Indigenous Peoples in Canada comprise three distinct groups: First Nations, Inuit and Métis Peoples. Globally, the United Nations estimates that there are Indigenous peoples in 70 countries.
Always capitalize Indigenous Peoples, First Nations, Inuit and Métis, as well as names of groups or territories: Innu, Cree, Anishinabek, Six Nations of the Grand River.
U of G uses the term Indigenous Peoples rather than Aboriginal Peoples, a term that many First Nations, Inuit and Métis people feel does not accurately describe them. Prefer Indigenous for modifiers: Indigenous Peoples (distinct groups as above) or Indigenous people (generic groups of people), Indigenous language, Indigenous homelands.

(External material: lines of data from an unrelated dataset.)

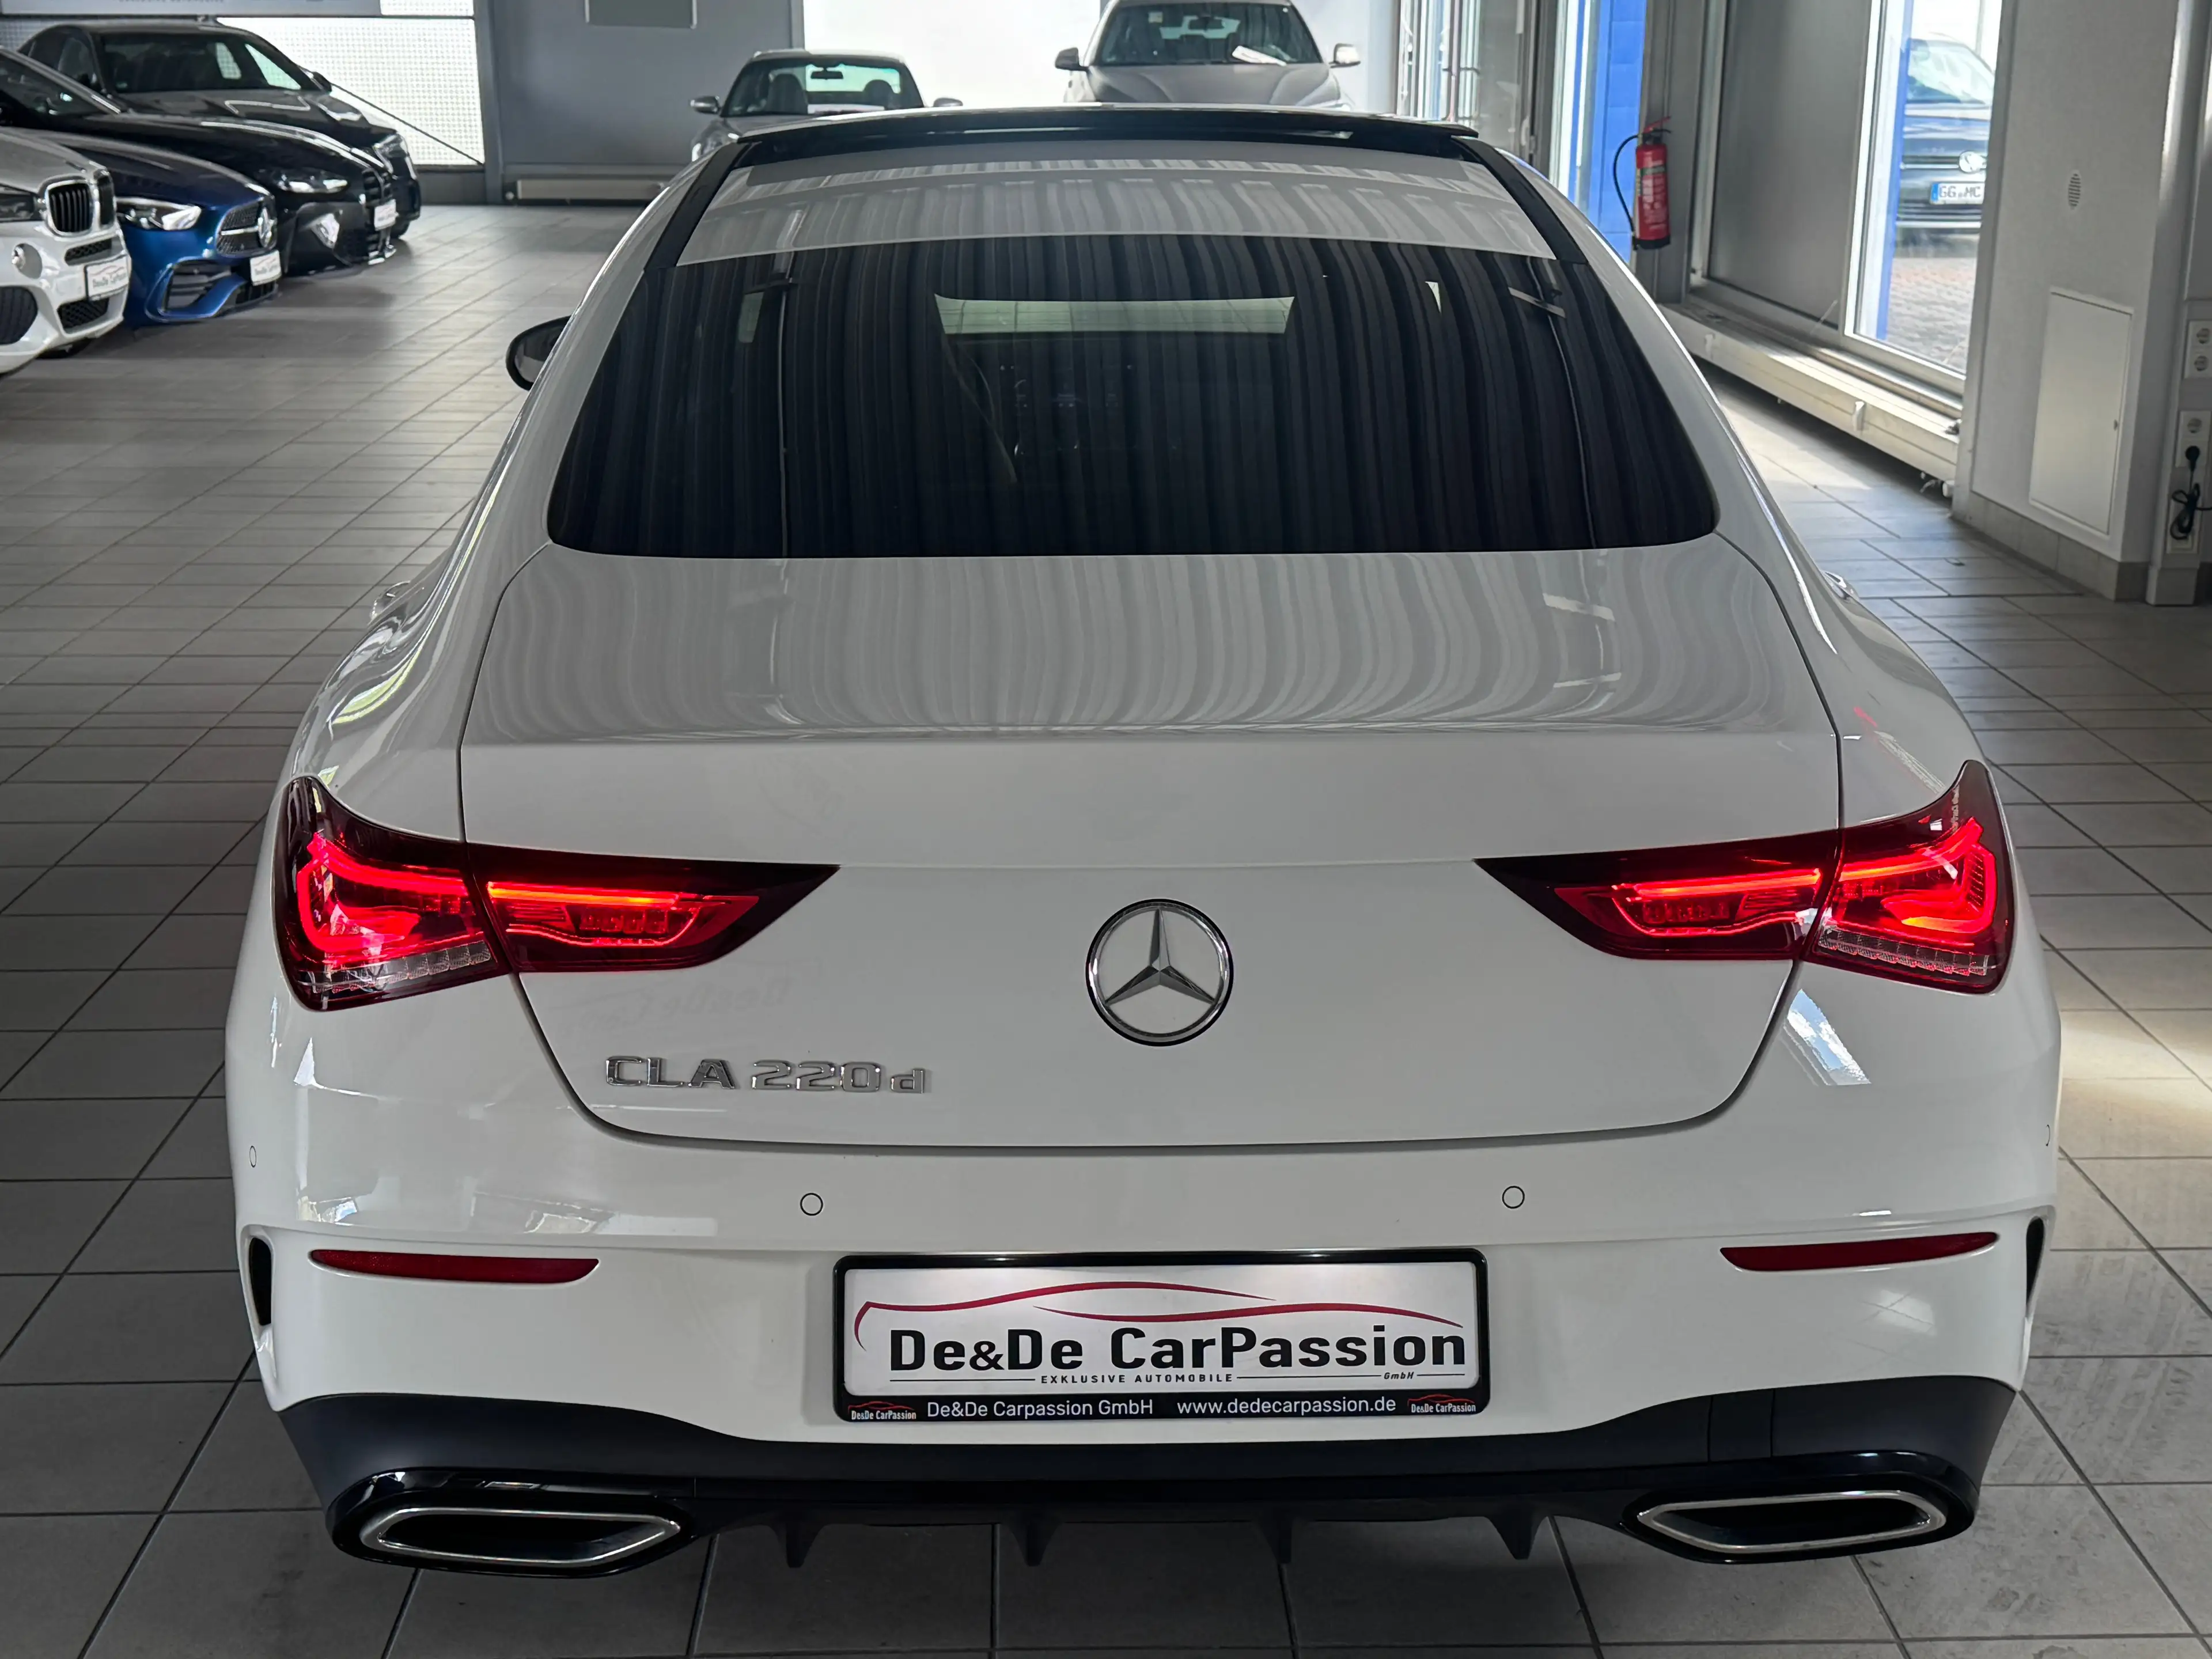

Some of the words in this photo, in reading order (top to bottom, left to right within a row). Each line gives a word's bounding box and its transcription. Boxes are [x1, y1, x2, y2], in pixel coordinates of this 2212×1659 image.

[605, 1055, 736, 1089] CLA
[891, 1329, 1083, 1371] De&De
[1111, 1325, 1465, 1369] CarPassion
[1040, 1374, 1126, 1384] EXKLUSIVE
[1134, 1373, 1233, 1383] AUTOMOBILE
[1384, 1372, 1414, 1380] GmbH
[927, 1401, 988, 1417] De&De
[993, 1400, 1093, 1419] Carpassion
[1098, 1399, 1153, 1415] GmbH
[1177, 1396, 1396, 1416] www.dedecarpassion.de
[1435, 1402, 1476, 1412] CarPassion
[876, 1410, 916, 1420] CarPassion

Avoid “Indigenous Canadian” and “Canada’s Indigenous people,” which may imply possession or colonialism. Prefer: Indigenous people in Canada.
Avoid using the more general “Indigenous Peoples” if you can refer to a single, specific group, whether First Nations, Inuit or Métis.

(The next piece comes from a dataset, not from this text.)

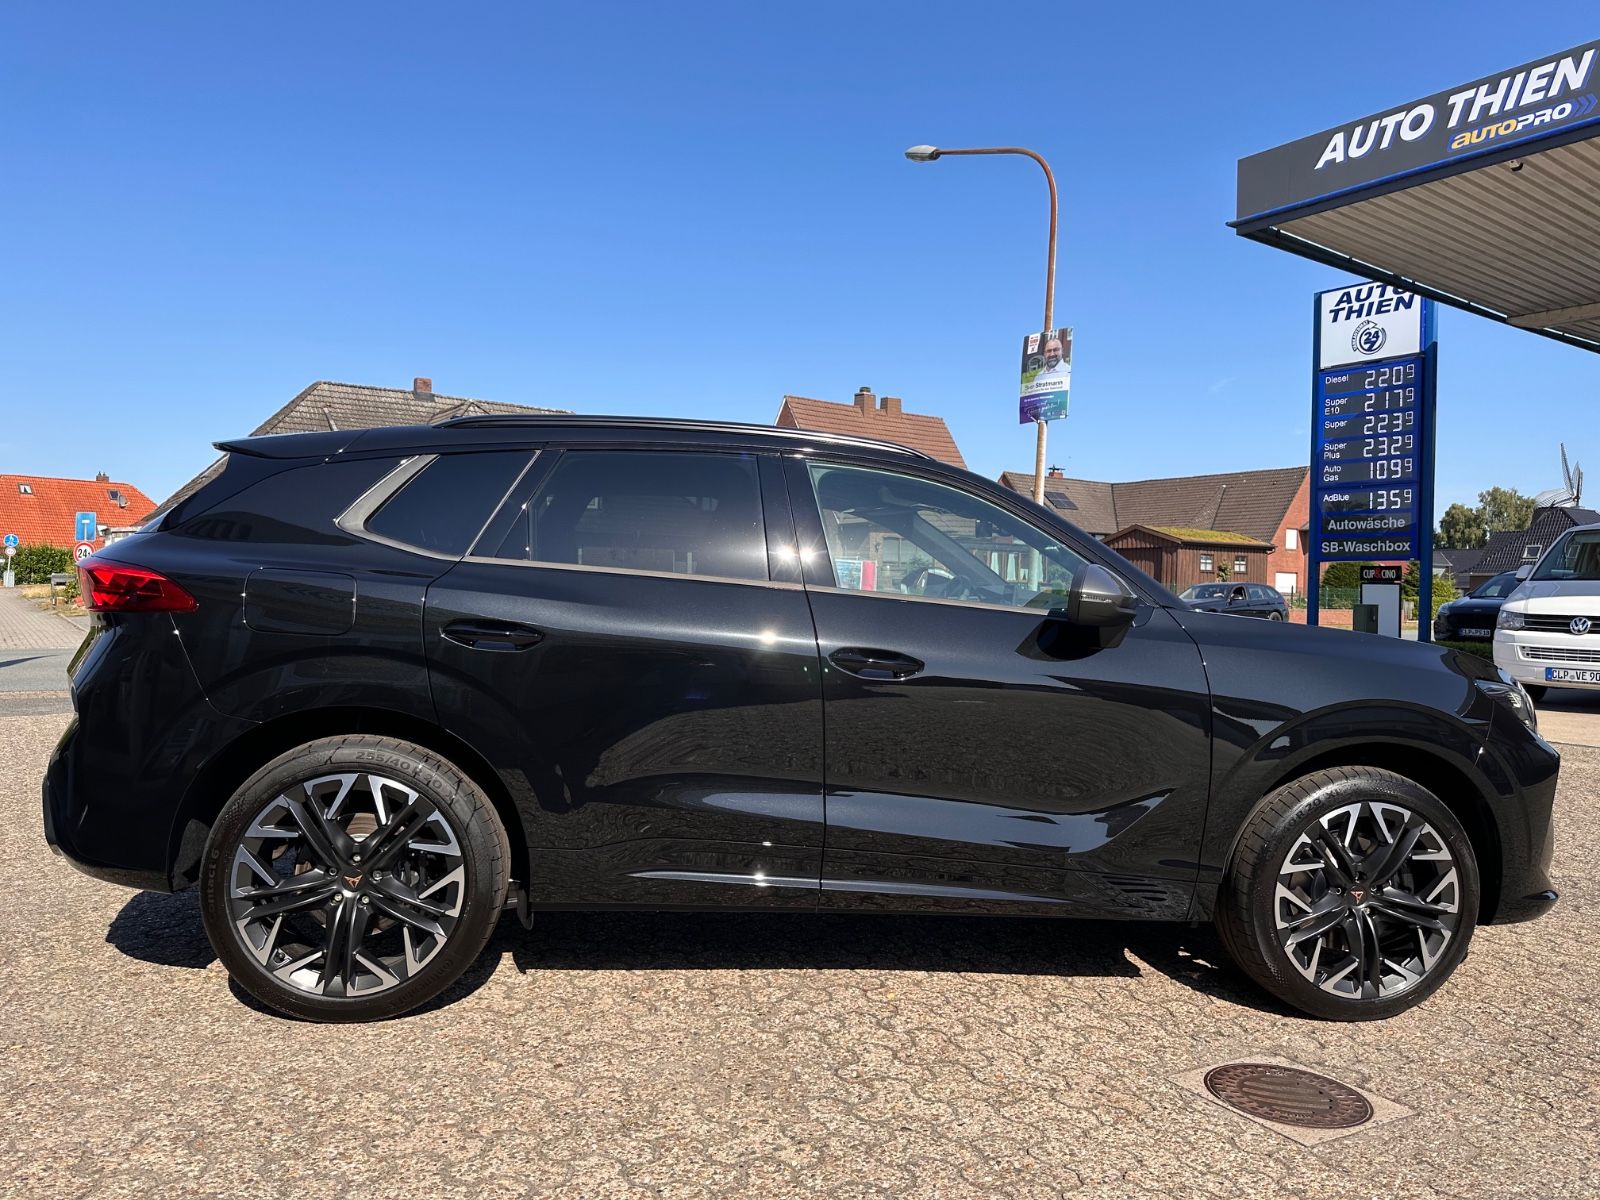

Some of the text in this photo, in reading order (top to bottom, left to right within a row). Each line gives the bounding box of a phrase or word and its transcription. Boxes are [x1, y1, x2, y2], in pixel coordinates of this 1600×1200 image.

Don’t use the term Native to refer to Indigenous Peoples. In the United States, the term Native American is in common use to describe Indigenous Peoples.

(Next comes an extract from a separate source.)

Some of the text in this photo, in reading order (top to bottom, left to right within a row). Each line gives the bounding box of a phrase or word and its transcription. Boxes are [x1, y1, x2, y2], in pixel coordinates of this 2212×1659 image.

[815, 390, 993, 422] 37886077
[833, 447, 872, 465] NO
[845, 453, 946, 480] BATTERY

More generally, avoid the generic term native in referring to a person’s geographic or cultural roots. Instead of saying someone is a Guelph native, say the person is Guelph-born, originally from Guelph, hails from Guelph, was raised in Guelph, etc.
Also prefer specific groups within First Nations alone. First Nations also come from different areas and have their own cultures, languages and traditions. Try to identify a specific community or Nation: a Cree scholar, Mississaugas of the Credit, Mohawk, Nishnawbi Aski Nation. Instead of saying “Theresa is an Indigenous person,” say: “Theresa is a Cree from Saddle Lake Cree Nation.”
First Nations refers to ethnicity of First Nations peoples generally. A singular First Nation may be a band or a reserve-based community. First Nation(s) does not include Inuit or Métis people.
Use First Nation, not Indian. Use Indian when referring to the federal Indian Act or if preferred by a First Nations person with status under the Indian Act and only within its legal context. Also use Indian to refer to people or institutions from the country of India.
The federal government recognizes 619 First Nations, defined as communities for whom, based on treaty agreements, land has been set apart and for whom money is held in trust by the Crown. More than half of First Nations people with registered or treaty status do not live on reserve.
Métis refers to descendants of Indigenous and European people in northwestern Canada. Generations of intermarriages led to the genesis of a new group of Indigenous people with a distinct identity and culture. Avoid “Métis” as a generic term for people of mixed descent. Many have this mixed ancestry but not all can be described as Métis. Use Métis only when individuals and communities use the term themselves: a Métis scholar, Grand River Métis Council, Métis Nation of Ontario. The acute accent is used in Ontario, although not throughout Canada.
Inuit are from the Arctic region of Inuit Nunangat, which is spread across Nunavut, Nunavik (Arctic Quebec), Nunatsiavut (Arctic Newfoundland and Labrador) and the Inuvialuit Settlement Region (Western Arctic). Inuit means “the people,” so don’t say “Inuit people.” The singular of Inuit is Inuk. Their language is Inuktitut. As dialects vary across Unuit Nunangat, follow the subject’s preference.
Don’t use the term Eskimo.
Innu are a First Nations group in northeastern Quebec and central Labrador. Don’t confuse them with the Inuit in these regions.
U of G and treaty territory
The University of Guelph resides on the treaty lands and territory of the Mississaugas of the Credit (Between the Lakes, Treaty 3), an Anishinaabe community. Anishinaabe refers to Ojibwe, Odawa, Potawatomi and other Algonquin-speaking groups.
Locally, Six Nations of the Grand River is the closest Haudenosaunee territory (Haldimand Tract). “Haudenosaunee peoples” refer to the members of the Haudenosaunee Confederacy (Seneca, Cayuga, Tuscarora, Onondaga, Oneida and Mohawk nations).
Avoid biased language
Avoid paternalistic-sounding language that effectively removes agency from Indigenous Peoples. Instead of: “The Numbered Treaties provided First Nations with reserves, education and health care,” write: “First Nations negotiated the Numbered Treaties with Canada’s government to secure their rights, territories, education and health care.”
Consider the difference between “demanding” something or “asserting” something. For example, the Nisga’a did not spend a century demanding title to their traditional territory. It is an Indigenous right they always had. Instead: “The Nisga’a spent a century asserting Indigenous title to their traditional territory.”
Use language that recognizes resilience and agency rather than pessimistic language that conveys subtle bias. Not: “Indigenous Peoples struggle with the legacy of the residential school system.” Instead: “Indigenous Peoples acknowledge the legacy of the residential school system and the importance of appropriate compensation and apology from the Canadian government.”